● **EXERCISE OBJECTIVE**
Repeat all entries word for word; skip images.

== ENTRIES PROVIDED ==

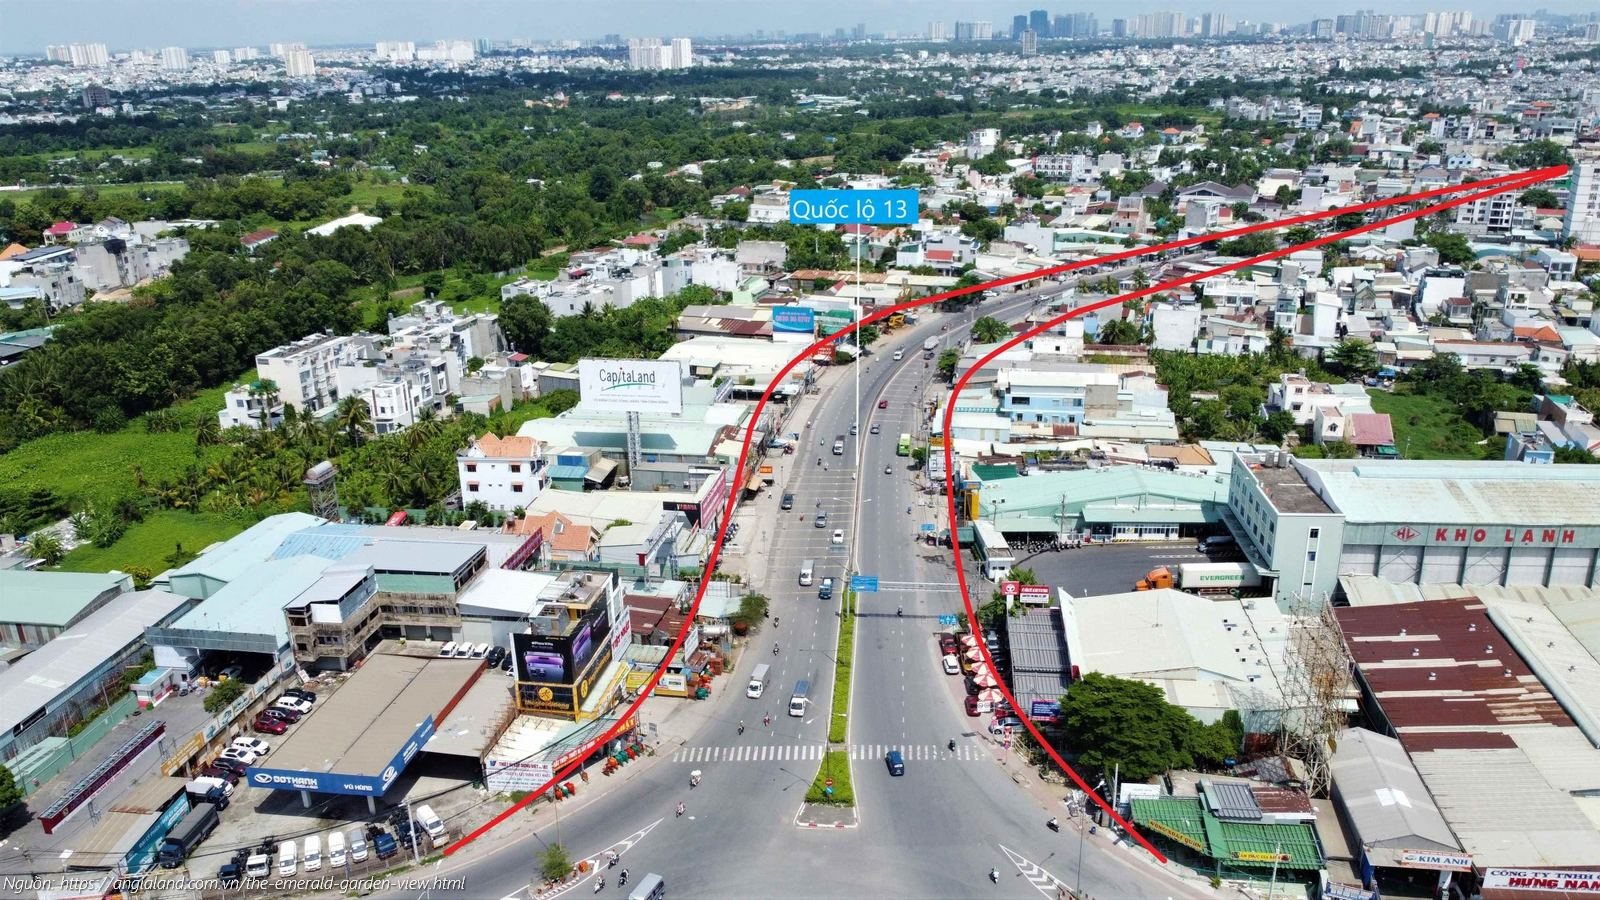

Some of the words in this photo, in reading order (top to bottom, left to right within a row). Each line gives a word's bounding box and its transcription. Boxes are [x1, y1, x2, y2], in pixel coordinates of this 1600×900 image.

[599, 367, 656, 384] CapitaLand
[1435, 527, 1486, 543] KHO
[1504, 528, 1576, 546] LẠNH
[1418, 855, 1440, 863] KIM
[1444, 857, 1468, 866] ANH
[1491, 869, 1527, 877] CÔNG
[1555, 872, 1593, 880] TNHH
[1508, 877, 1559, 889] HƯNG

===

● **RESPONSE**
Some of the words in this photo, in reading order (top to bottom, left to right within a row). Each line gives a word's bounding box and its transcription. Boxes are [x1, y1, x2, y2], in pixel coordinates of this 1600×900 image.

[599, 367, 656, 384] CapitaLand
[1435, 527, 1486, 543] KHO
[1504, 528, 1576, 546] LẠNH
[1418, 855, 1440, 863] KIM
[1444, 857, 1468, 866] ANH
[1491, 869, 1527, 877] CÔNG
[1555, 872, 1593, 880] TNHH
[1508, 877, 1559, 889] HƯNG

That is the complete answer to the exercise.